Кроме своих прямых обязанностей, как медика, я стоял вахту вахтенным офицером. Однажды, следуя в составе конвоя, я даже атаковал немецкую подводную лодку и сделал это довольно браво: «Поднять сигнал «вижу подводную лодку», боевая тревога, право на борт, полный вперед, глубинные бомбы товсь». Тральщик вышел из кильватерной колонны, но нас уже обогнали морские охотники и забросали участок моря глубинными бомбами. Командир взлетел на мостик, и я доложил ему, что мне и сигнальщику показалось, что видим перископ подводной лодки. Но подводной лодки не оказалось. Никакого замечания флагман конвоя не сделал, и я посчитал свои действия правильными.
Иногда, когда тральщик на несколько дней задерживался в Кронштадте, я имел возможность побродить по Кронштадту.
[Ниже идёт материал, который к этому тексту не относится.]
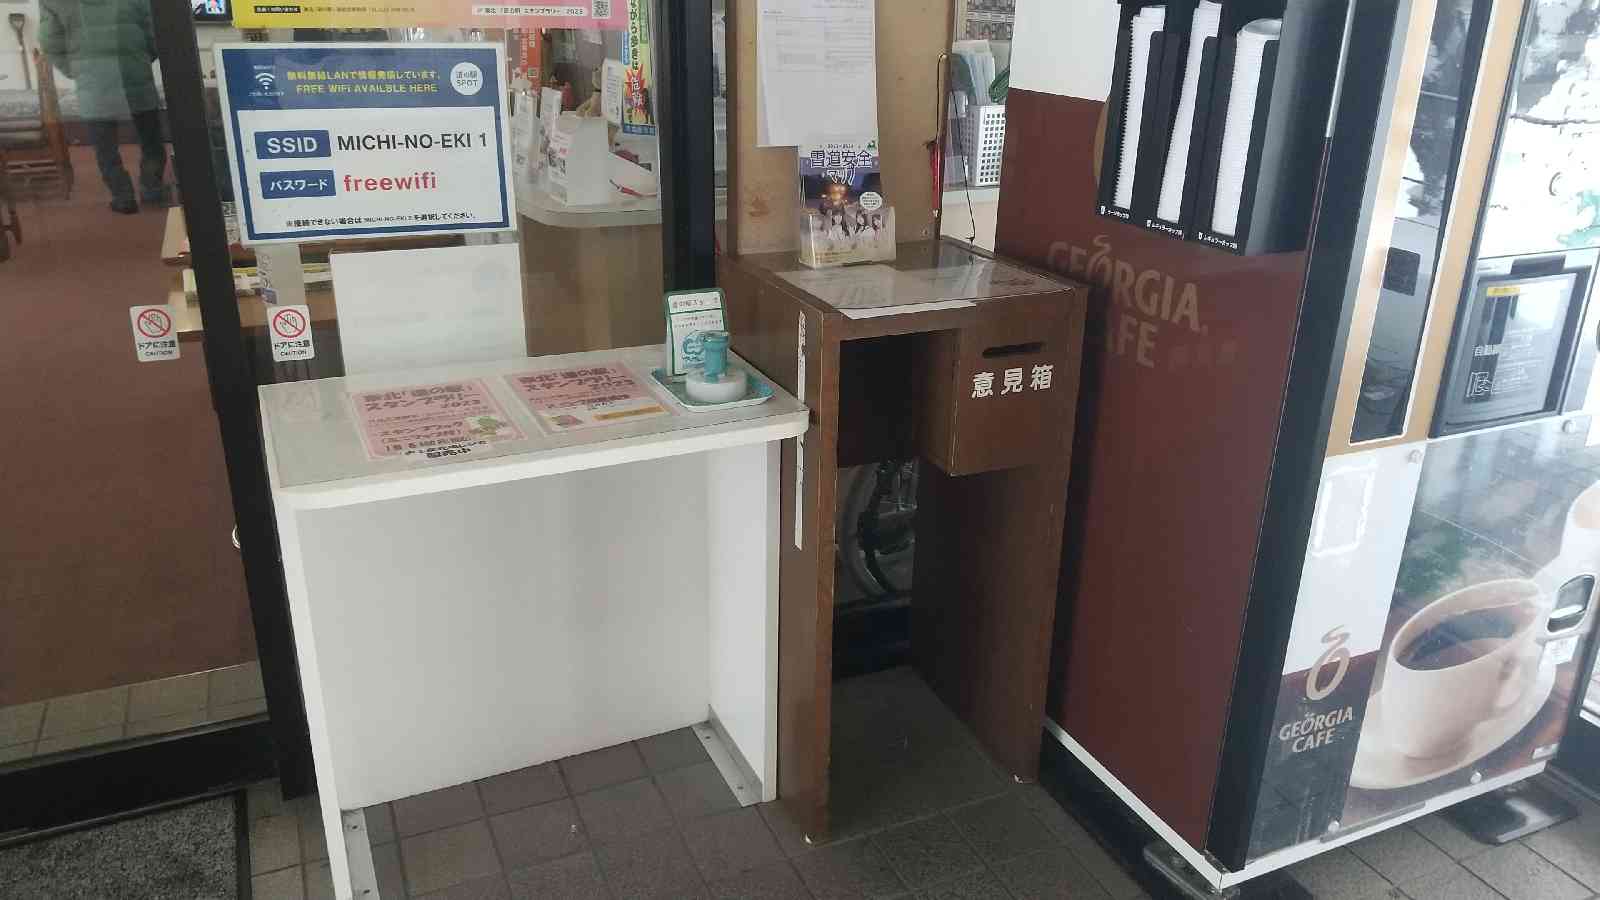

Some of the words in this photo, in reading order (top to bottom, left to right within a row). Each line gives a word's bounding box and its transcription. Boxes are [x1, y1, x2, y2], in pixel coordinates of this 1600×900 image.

Я вспоминал, что в Баку земля и воздух пропитаны нефтью, хорошо, что город продувается ветрами. Баку – город ветров. В Кронштадте всё овеяно морской славой. Кажется, что его мостовые отшлифованы матросскими ботинками. Кронштадт – это значит флот. В короткие стоянки в Кронштадте я несколько раз побывал в Ленинграде. Жизнь здесь постепенно налаживалась. Стало больше народа, ходили трамваи, открылись магазины, начали работать кинотеатры. После прорыва блокады пошли поезда, стали возвращаться коренные ленинградцы. В букинистическом магазине приобрел три тома Л.Н. Толстого. Книгам тем больше ста лет. В комиссионном магазине, тоже на Невском, приобрёл царских времён морской кортик с гравировкой на лезвии и ручкой из слоновой кости. Лезвие узкое, четырёхгранное, как стилет. Ещё купил кинжал с оригинальной ручкой. Я с детства питаю слабость к ножам, хотя и не коллекционирую их. После боя с «юнкерсами» я навестил в Лавенссарском госпитале нашего боцмана, получившего огнестрельный перелом бедра, и, чтобы подбодрить его, подарил ему этот кинжал – он ему очень понравился. Может быть, пережил войну боцман и иногда кинжал напоминал ему о докторе с ТЩ-53.
В Кронштадте я не только бродил по улицам, но и несколько раз бывал в Доме Флота. В 1944 году здесь уже выступали артисты, бывали вечера с танцами. По мере того, как дела наши на фронте становились лучше, люди сразу почувствовали, что жизнь состоит не только из артобстрелов, бомбежек и походов кораблей.
На «размагничивание» в Питер
Корабли, как известно, строятся из метала. Металлический корпус, начиненный различными механизмами, орудиями и многим чем другим, создает магнитное поле. Немцы же на выдумку сильны, придумали мины, реагирующие на корпус корабля. И мы, точнее тральщик, периодически проходили размагничивание. Но по молодости лет я тогда не знал, что и человеку нужно периодически размагничиваться и получил соответствующий урок! Мы пришли в Кронштадт на профилактический ремонт. В погожий день командир тральщика предложил мне на день-другой съездить в Ленинград, развеяться, отдохнуть от корабельной, однообразной жизни. От неожиданности я несколько замешкался с ответом. - Составишь мне компанию, - добавил командир. Это был первый сход командира на берег за 1943-44 годы не по служебным делам.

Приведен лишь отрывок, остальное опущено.